[Source records]

+-------+

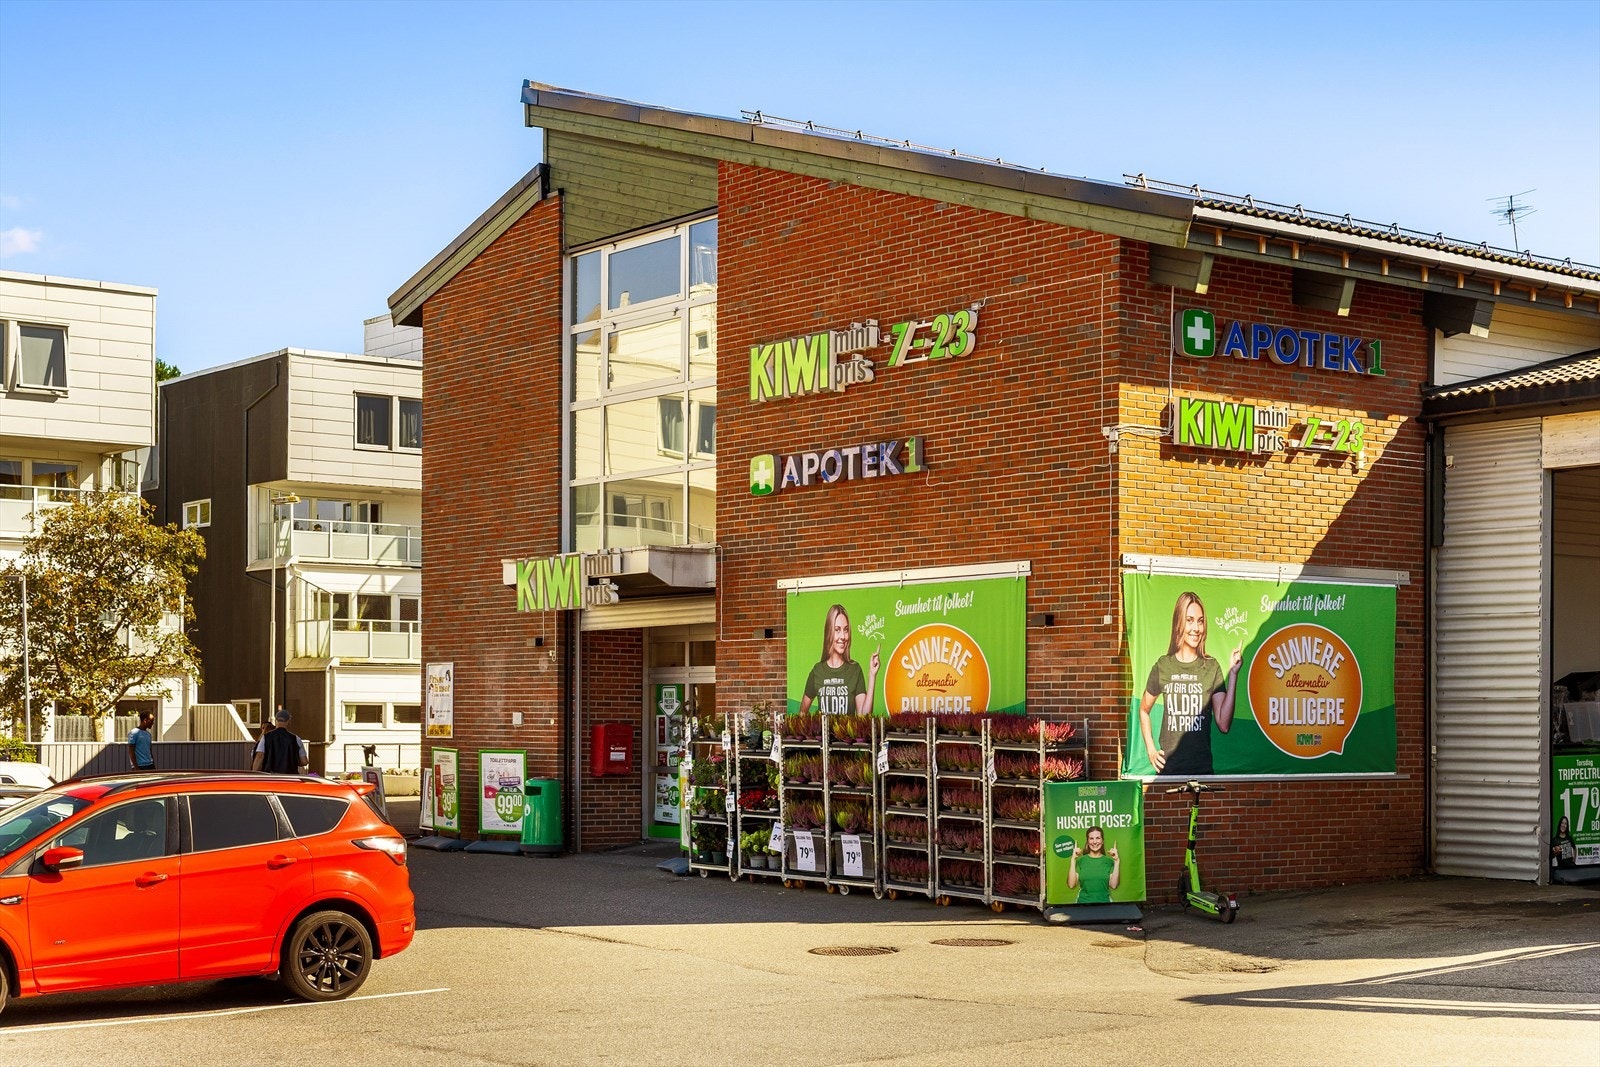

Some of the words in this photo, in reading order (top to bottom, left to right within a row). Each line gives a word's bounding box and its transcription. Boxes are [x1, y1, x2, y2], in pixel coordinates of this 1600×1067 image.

[834, 327, 871, 353] mini
[1223, 320, 1364, 374] APOTEK
[1368, 339, 1385, 376] 1
[750, 333, 830, 402] KIWI
[834, 359, 866, 387] pris
[1179, 397, 1255, 451] KIWI
[1257, 405, 1288, 428] mini
[1257, 431, 1285, 454] pris
[780, 440, 901, 489] APOTEK
[903, 435, 922, 474] 1
[584, 554, 614, 576] mini
[516, 555, 581, 611] KIWI
[584, 585, 612, 612] pris
[894, 597, 932, 617] Sunnhet
[932, 594, 943, 612] til
[943, 590, 975, 617] folket!
[1260, 594, 1302, 613] Sunnhet
[1302, 594, 1314, 611] til
[1313, 593, 1346, 617] folket!
[901, 636, 973, 680] SUNNERE
[1267, 635, 1345, 679] SUNNERE
[825, 686, 836, 696] GIR
[836, 685, 849, 696] OSS
[916, 672, 959, 688] alternativ
[1173, 682, 1187, 693] GIR
[1188, 682, 1203, 694] OSS
[1285, 673, 1331, 689] alternativ
[820, 696, 849, 715] ALDRI
[1167, 693, 1203, 716] ALDRI
[1268, 697, 1345, 725] BILLIGERE
[1074, 800, 1097, 814] HAR
[1098, 799, 1113, 813] DU
[1056, 815, 1097, 830] HUSKET
[1099, 814, 1132, 829] POSE?
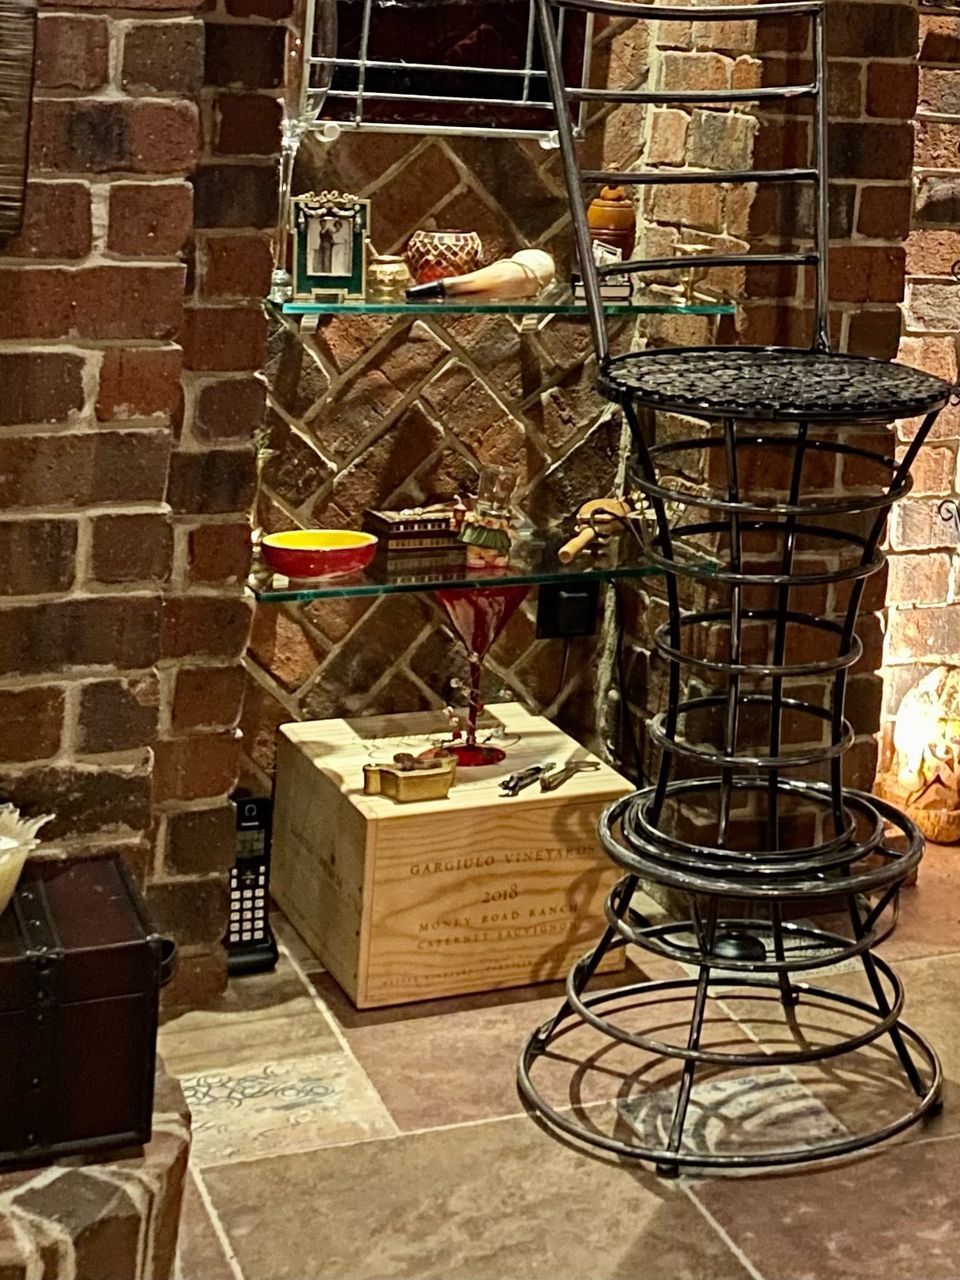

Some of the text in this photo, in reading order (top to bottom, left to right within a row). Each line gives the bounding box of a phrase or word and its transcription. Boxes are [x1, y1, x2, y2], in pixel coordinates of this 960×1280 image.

[410, 845, 597, 876] GARGIULO VINEYARDS
[481, 883, 520, 903] 2018
[418, 916, 471, 933] MONEY
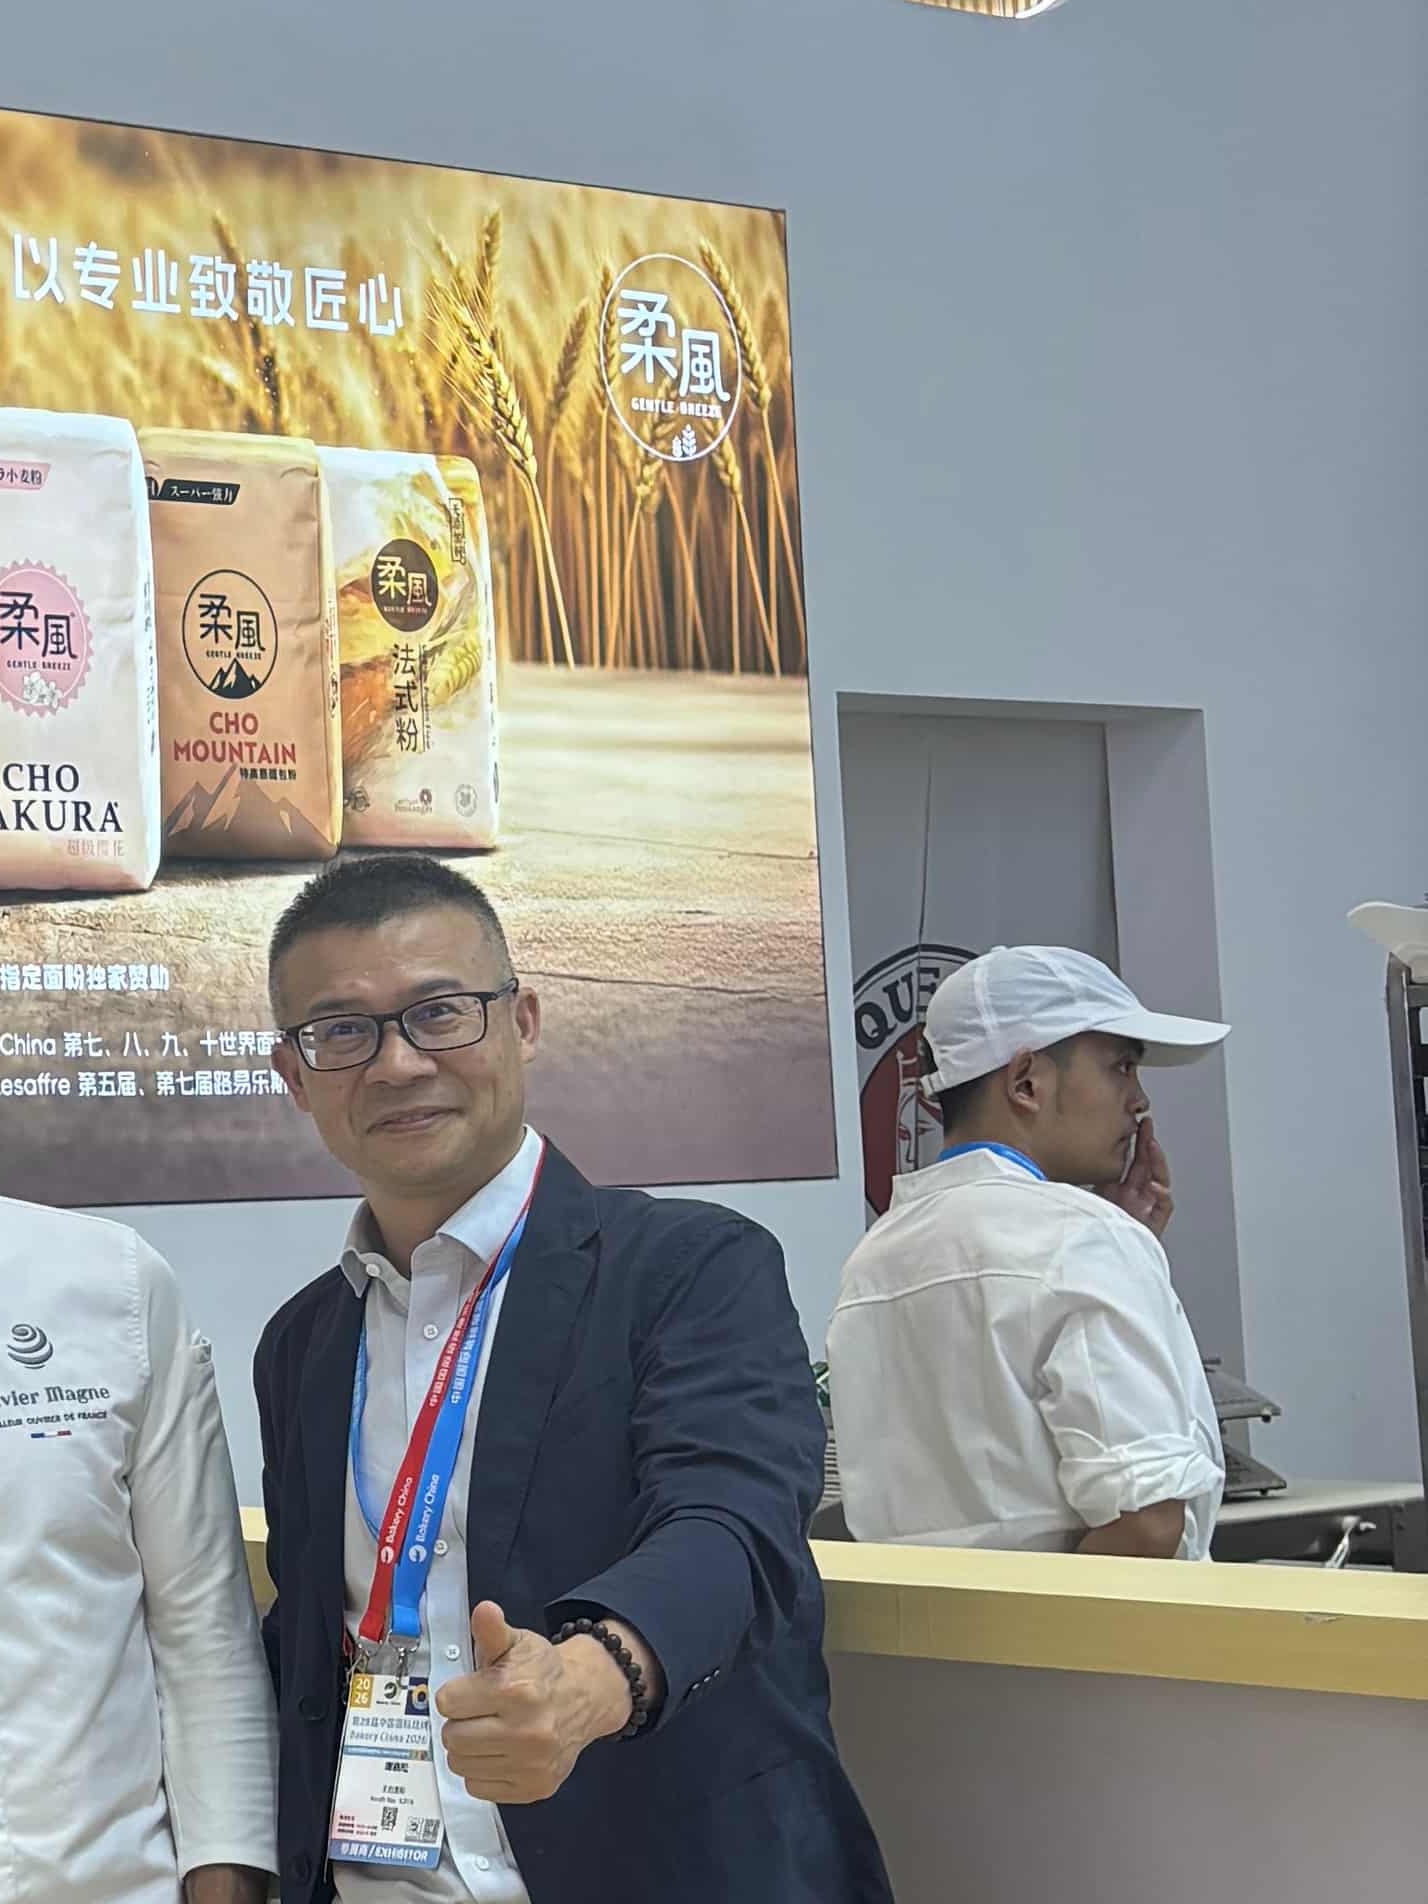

+-------+

Task requirements:
Leaving out only the pictures, retype every record exactly.

Result of this task:
Some of the words in this photo, in reading order (top to bottom, left to right within a row). Each line gives a word's bounding box and its transcription. Boxes are [x1, y1, x2, y2], in pixel coordinates of this 1600×1067 image.

[834, 327, 871, 353] mini
[1223, 320, 1364, 374] APOTEK
[1368, 339, 1385, 376] 1
[750, 333, 830, 402] KIWI
[834, 359, 866, 387] pris
[1179, 397, 1255, 451] KIWI
[1257, 405, 1288, 428] mini
[1257, 431, 1285, 454] pris
[780, 440, 901, 489] APOTEK
[903, 435, 922, 474] 1
[584, 554, 614, 576] mini
[516, 555, 581, 611] KIWI
[584, 585, 612, 612] pris
[894, 597, 932, 617] Sunnhet
[932, 594, 943, 612] til
[943, 590, 975, 617] folket!
[1260, 594, 1302, 613] Sunnhet
[1302, 594, 1314, 611] til
[1313, 593, 1346, 617] folket!
[901, 636, 973, 680] SUNNERE
[1267, 635, 1345, 679] SUNNERE
[825, 686, 836, 696] GIR
[836, 685, 849, 696] OSS
[916, 672, 959, 688] alternativ
[1173, 682, 1187, 693] GIR
[1188, 682, 1203, 694] OSS
[1285, 673, 1331, 689] alternativ
[820, 696, 849, 715] ALDRI
[1167, 693, 1203, 716] ALDRI
[1268, 697, 1345, 725] BILLIGERE
[1074, 800, 1097, 814] HAR
[1098, 799, 1113, 813] DU
[1056, 815, 1097, 830] HUSKET
[1099, 814, 1132, 829] POSE?

Some of the text in this photo, in reading order (top to bottom, left to right within a row). Each line gives the bounding box of a phrase or word and its transcription. Boxes are [x1, y1, x2, y2], in pixel coordinates of this 960×1280 image.

[410, 845, 597, 876] GARGIULO VINEYARDS
[481, 883, 520, 903] 2018
[418, 916, 471, 933] MONEY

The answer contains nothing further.